## [Exercise aim]
The expected output is the line bearing "this 1920×711 image." followed by all remaining lines of the records, each restated word for word.

## [Material for this exercise]
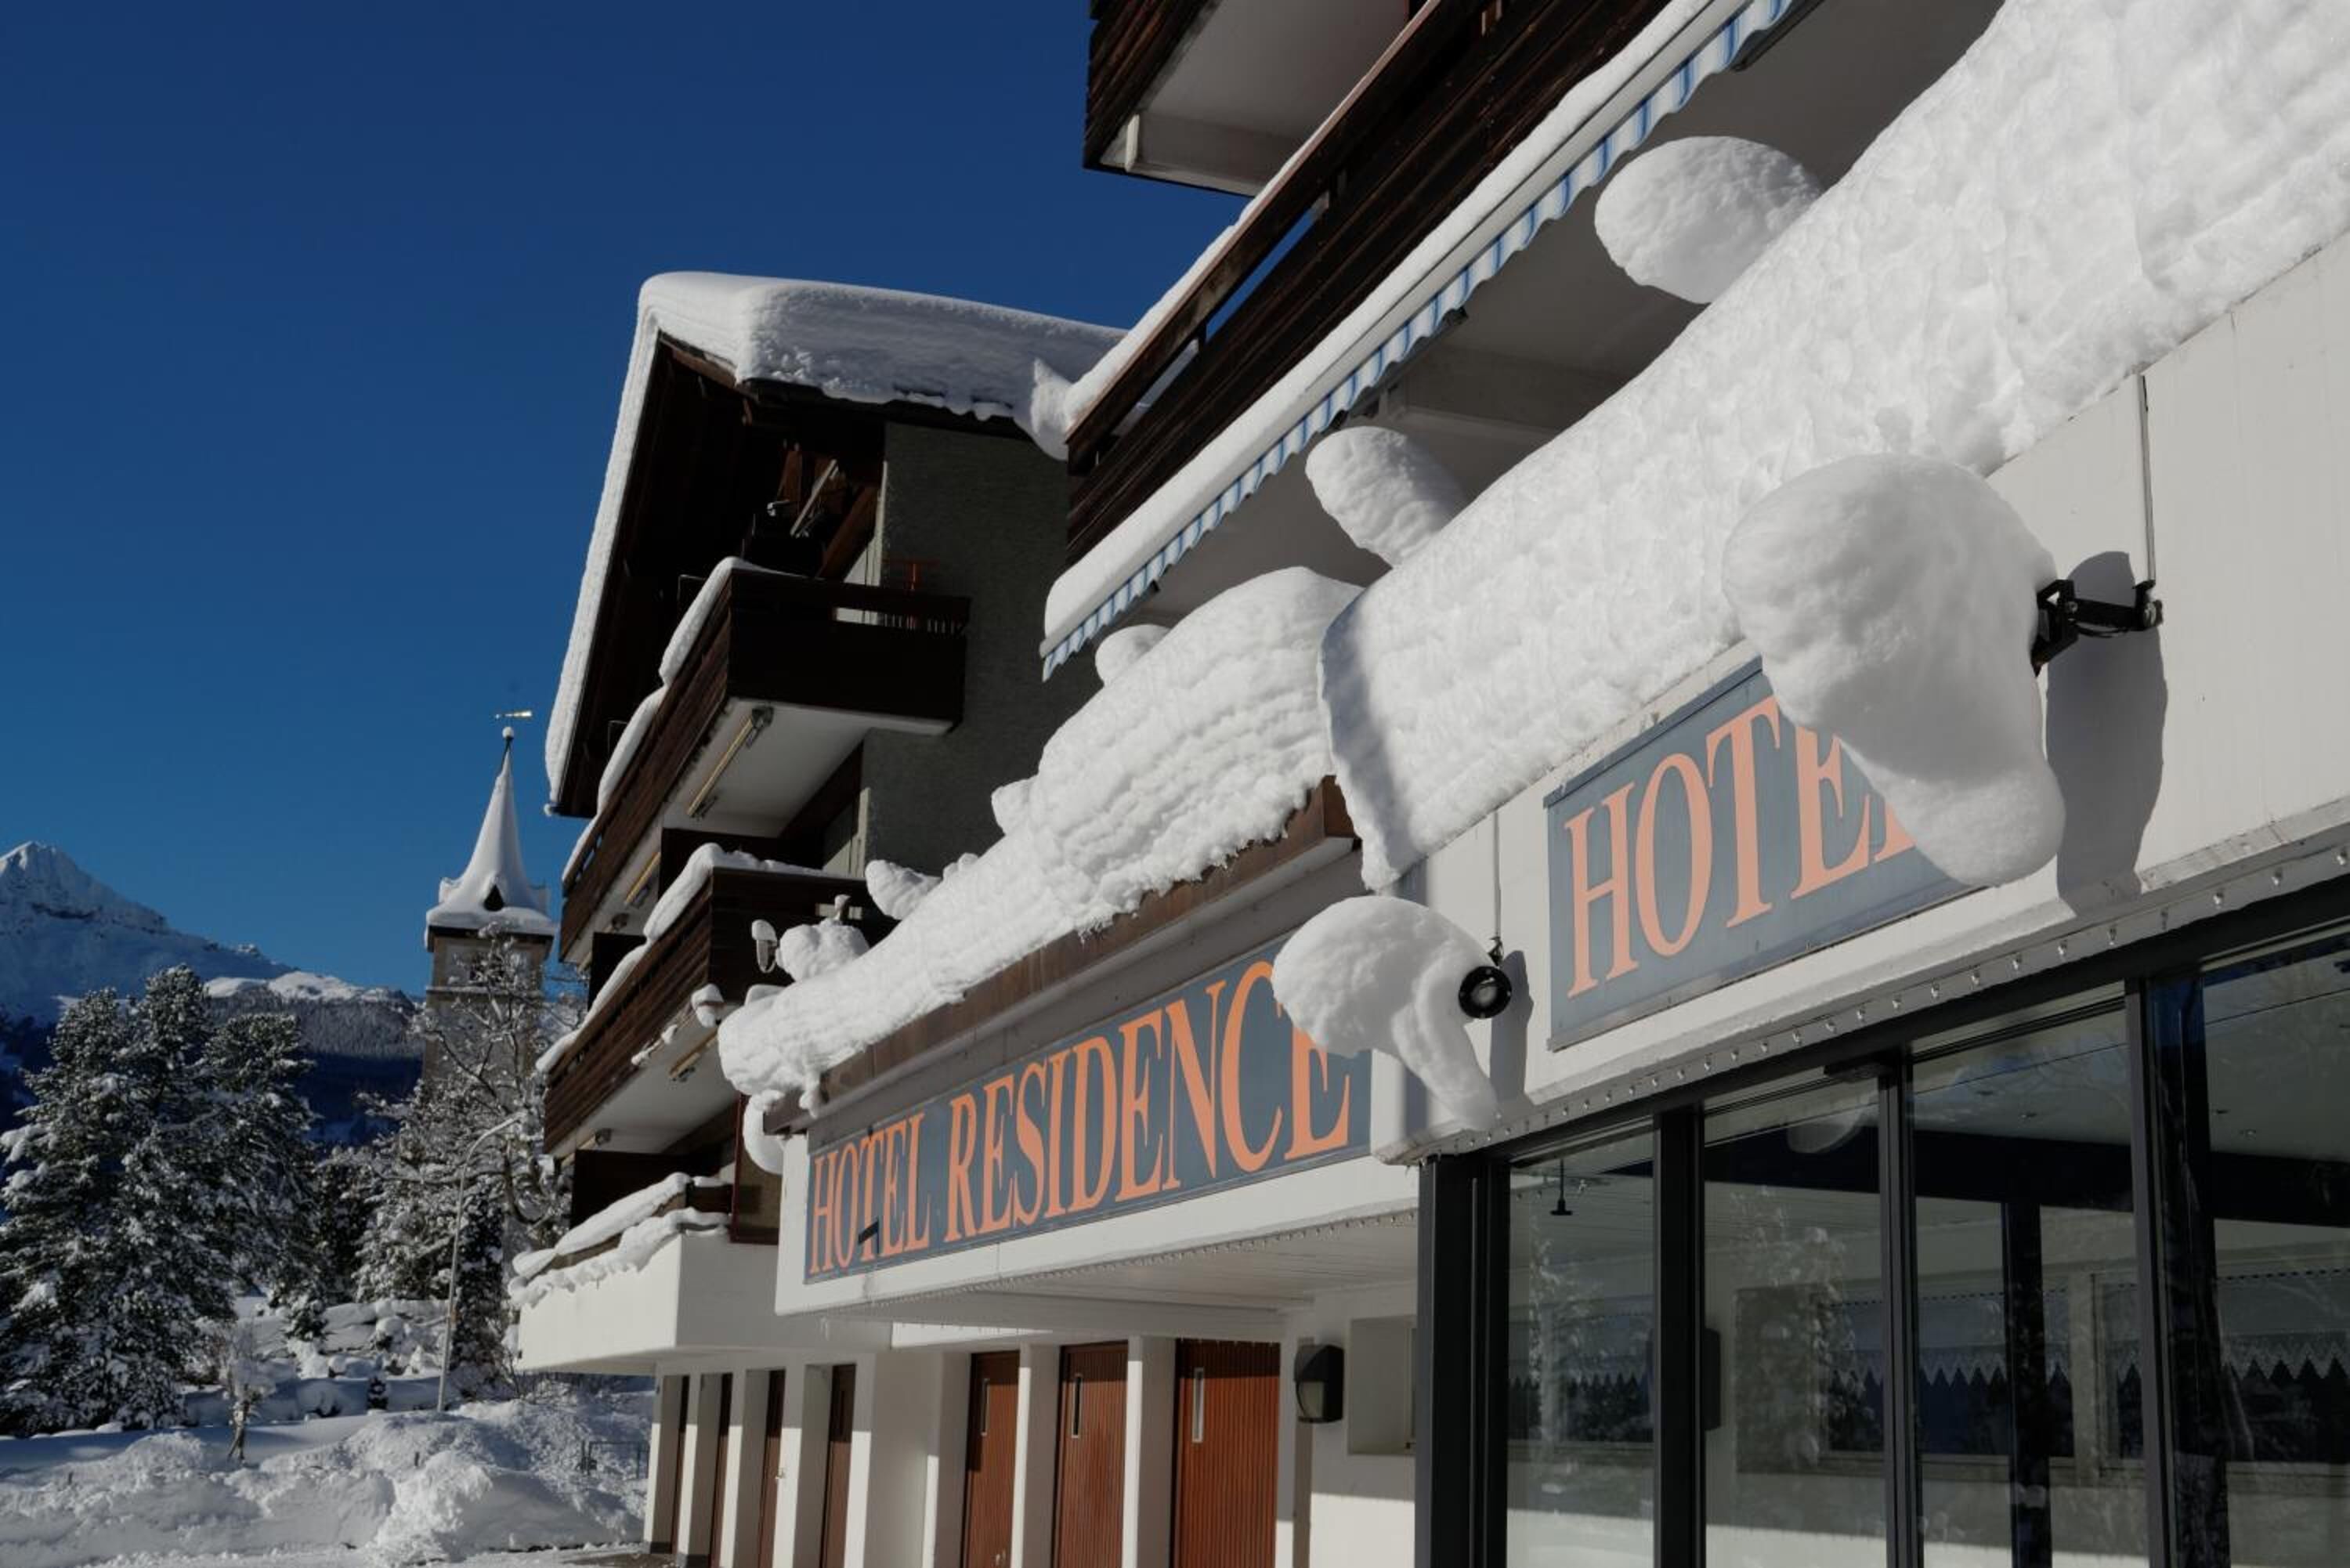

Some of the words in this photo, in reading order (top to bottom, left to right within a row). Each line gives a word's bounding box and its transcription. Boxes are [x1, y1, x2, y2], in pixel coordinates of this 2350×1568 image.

[1564, 695, 1916, 999] HOTE
[809, 1111, 930, 1274] HOTEL
[943, 960, 1350, 1244] RESIDENCE
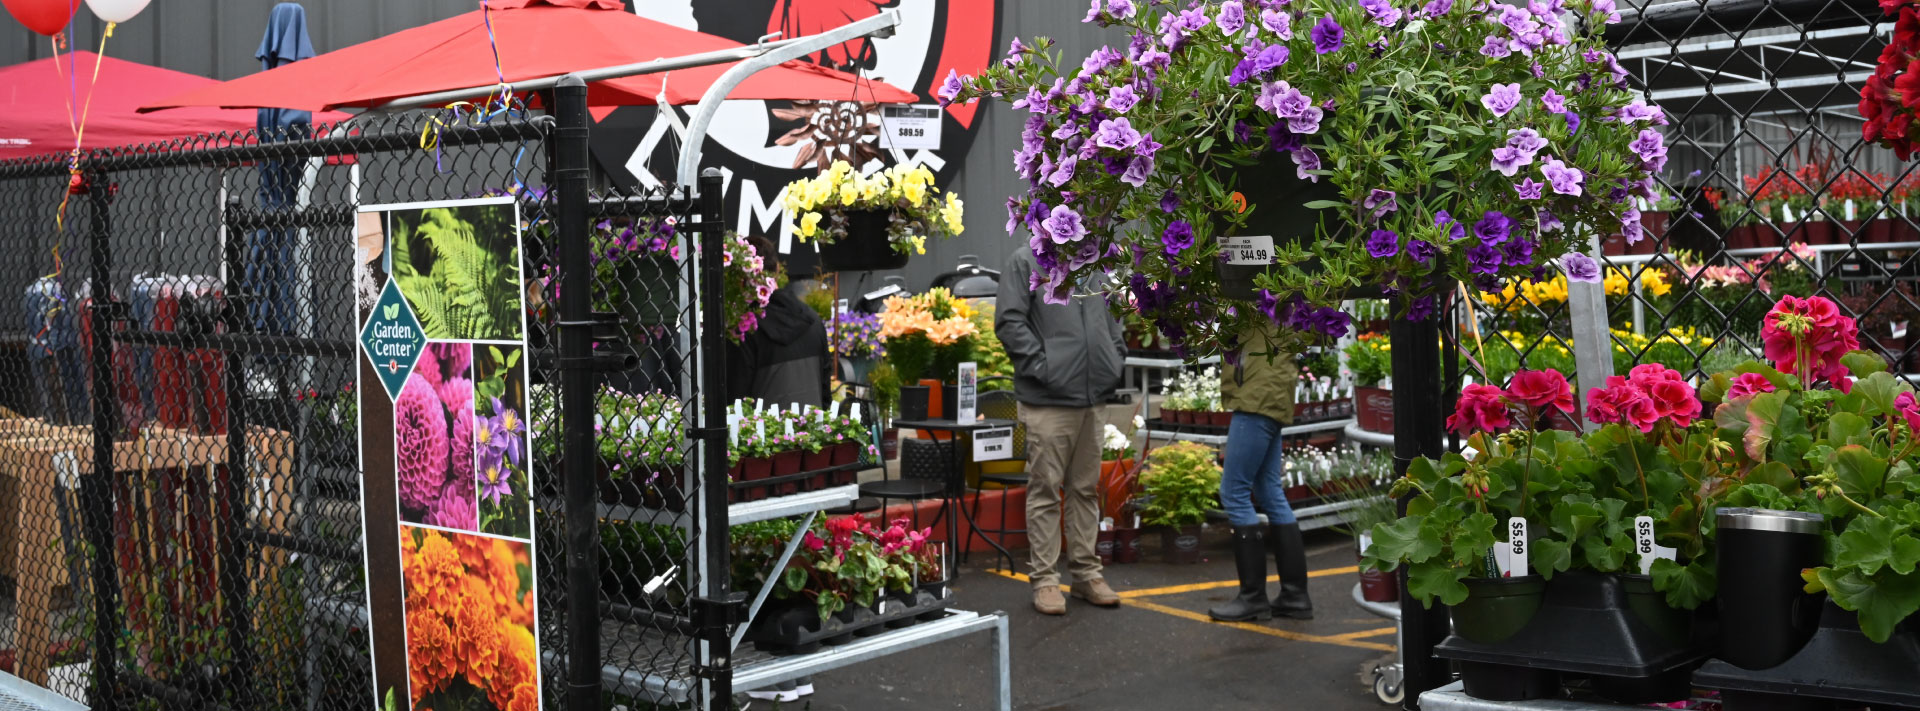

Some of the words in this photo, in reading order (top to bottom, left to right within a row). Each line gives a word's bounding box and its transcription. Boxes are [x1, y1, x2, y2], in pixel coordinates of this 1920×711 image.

[899, 128, 924, 137] $89.59
[1240, 249, 1267, 261] $44.99
[374, 320, 412, 339] Garden
[375, 339, 412, 357] Center
[1511, 521, 1524, 555] $5.99
[1638, 521, 1651, 554] $5.99

## [Result]
Some of the words in this photo, in reading order (top to bottom, left to right within a row). Each line gives a word's bounding box and its transcription. Boxes are [x1, y1, x2, y2], in pixel coordinates of this 1920×711 image.

[899, 128, 924, 137] $89.59
[1240, 249, 1267, 261] $44.99
[374, 320, 412, 339] Garden
[375, 339, 412, 357] Center
[1511, 521, 1524, 555] $5.99
[1638, 521, 1651, 554] $5.99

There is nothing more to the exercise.